Ho, who directs the Regulation, Evaluation, and Governance Lab (RegLab) at Stanford Law School, spoke about the research agenda behind his recent paper, “Deep learning to map concentrated animal feeding operations,” co-authored with Cassandra Handan-Nader and published in the journal Nature Sustainability in 2019. Handan-Nader and Ho trained a machine learning algorithm to identify concentrated animal feeding operations (CAFOs) using publicly-available satellite imagery from the U.S. Department of Agriculture’s National Agricultural Imagery Program. CAFOs, which are more colloquially called factory farms, have been linked to environmental damage, animal suffering, and poor health outcomes in nearby communities.
Ho explained that one large hog CAFO can produce about as much sewage as a medium-sized American city, but animal waste is not required to be treated like human waste. Instead, in the case of hogs, it is often collected in manure pits (“lagoons”) and sprayed onto agricultural fields. Despite the potential for significant water pollution, air pollution, and harmful health effects, no federal agency consistently collects information on the size, location, and compliance of CAFOs and permit evasion is common. Both state regulatory agencies and environmental watchdog groups have spent years trying to locate these facilities, Ho said. Mapping CAFOs manually is a tedious task — a manual census of North Carolina’s CAFOs using satellite images would take six weeks of full-time work and creating a map for the country would take years.
Ho and Handan-Nader’s machine learning approach was able to create a map of North Carolina hog and poultry CAFOs in less than two days. They also discovered 589 poultry CAFOs that had been missed in previous manual counts, a 15 percent increase. Ho’s presentation at the Law School was largely devoted to the implications of this technology for the future of environmental regulation. For instance, with data from water-quality sensors, an algorithm could determine which CAFOs are responsible for individual spills and other contamination events. Ho also discussed remaining challenges with the new methods, such as it being harder to train an algorithm to differentiate between hog and poultry operations in the Midwest than in the South because of the differences in farm architecture. During the conversation and Q&A after the presentation, attention shifted to how large corporations might try to evade regulators who use this technology and how to strengthen the government’s data science and machine learning capacity in ways that serve public interests.
Ho additionally described his hope to develop the technology in the Nature Sustainability paper into an “active-learning algorithm,” which could direct on the ground regulators to survey possible CAFO locations and to more effectively allocate limited enforcement resources. The newly collected data would continually improve the algorithm’s performance and, in turn, the U.S Environmental Protection Agency’s ability to monitor potential polluters.
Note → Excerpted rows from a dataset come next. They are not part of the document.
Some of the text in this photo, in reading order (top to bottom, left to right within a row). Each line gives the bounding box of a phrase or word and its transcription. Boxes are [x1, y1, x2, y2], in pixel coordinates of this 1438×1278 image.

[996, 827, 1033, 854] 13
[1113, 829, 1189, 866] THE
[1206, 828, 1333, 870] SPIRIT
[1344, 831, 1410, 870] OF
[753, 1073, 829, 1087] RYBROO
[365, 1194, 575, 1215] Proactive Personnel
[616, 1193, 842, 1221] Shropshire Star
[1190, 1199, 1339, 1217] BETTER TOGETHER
“A hallmark of Professor Ho’s work is that his methodological brilliance is always coupled with genuine concern for the normative implications of his research,” said LEAP Faculty Co-Director Douglas Kysar, who attended the event. “With this paper, Professor Ho opens up whole new possibilities for improved environmental governance and public confrontation of the harms caused by industrial animal agriculture.”
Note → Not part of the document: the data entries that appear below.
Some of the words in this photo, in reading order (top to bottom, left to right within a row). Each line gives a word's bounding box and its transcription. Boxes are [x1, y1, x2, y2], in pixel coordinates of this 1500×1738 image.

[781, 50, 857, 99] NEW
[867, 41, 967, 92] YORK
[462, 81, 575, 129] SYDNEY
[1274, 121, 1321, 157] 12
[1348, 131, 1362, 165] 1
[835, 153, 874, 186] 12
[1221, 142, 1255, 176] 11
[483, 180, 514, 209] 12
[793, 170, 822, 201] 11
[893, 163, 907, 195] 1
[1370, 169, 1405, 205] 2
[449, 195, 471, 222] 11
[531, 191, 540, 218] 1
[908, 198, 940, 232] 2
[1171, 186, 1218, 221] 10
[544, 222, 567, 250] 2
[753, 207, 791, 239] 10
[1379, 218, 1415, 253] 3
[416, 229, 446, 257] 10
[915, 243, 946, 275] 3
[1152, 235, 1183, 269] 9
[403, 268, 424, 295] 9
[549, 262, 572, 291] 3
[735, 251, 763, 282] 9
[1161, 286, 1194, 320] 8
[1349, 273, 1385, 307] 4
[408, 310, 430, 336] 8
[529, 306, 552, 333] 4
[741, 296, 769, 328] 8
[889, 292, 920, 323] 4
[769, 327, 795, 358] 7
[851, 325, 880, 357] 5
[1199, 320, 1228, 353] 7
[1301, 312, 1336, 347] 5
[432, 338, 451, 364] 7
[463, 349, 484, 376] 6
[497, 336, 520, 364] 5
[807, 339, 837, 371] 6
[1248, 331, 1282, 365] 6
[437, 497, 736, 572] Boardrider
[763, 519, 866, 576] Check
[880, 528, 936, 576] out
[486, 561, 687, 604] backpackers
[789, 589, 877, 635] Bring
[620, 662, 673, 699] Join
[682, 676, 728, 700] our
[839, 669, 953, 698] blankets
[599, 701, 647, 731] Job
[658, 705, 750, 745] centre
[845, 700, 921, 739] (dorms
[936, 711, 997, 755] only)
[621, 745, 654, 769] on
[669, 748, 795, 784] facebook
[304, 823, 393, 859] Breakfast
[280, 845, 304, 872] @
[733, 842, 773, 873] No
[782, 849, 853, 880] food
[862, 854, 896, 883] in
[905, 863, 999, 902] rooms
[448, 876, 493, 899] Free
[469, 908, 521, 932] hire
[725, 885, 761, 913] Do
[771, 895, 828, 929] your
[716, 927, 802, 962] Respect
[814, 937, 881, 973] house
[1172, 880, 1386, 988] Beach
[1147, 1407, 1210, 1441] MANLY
“This work by Professor Ho and his colleagues is ingenious and tremendously inspiring,” said Viveca Morris, LEAP’s Executive Director. “It shows how advances in machine learning and satellite imagery could be harnessed by regulatory agencies in cost-effective ways to improve compliance with environmental laws and to assess environmental risks. The range of applications and the potential impacts are extraordinary.”
Daniel Ho is the William Benjamin Scott and Luna M. Scott Professor of Law and Professor of Political Science at Stanford. He also holds senior positions at Stanford’s Institute for Economic Policy Research and the Institute for Human-Centered Artificial Intelligence, and he directs the Regulation, Evaluation, and Governance Lab (RegLab). His work has been featured in both academic journals and the popular press, including The New York Times, the Stanford Law Review, The Yale Law Journal, The Seattle Times, and the Boston Review.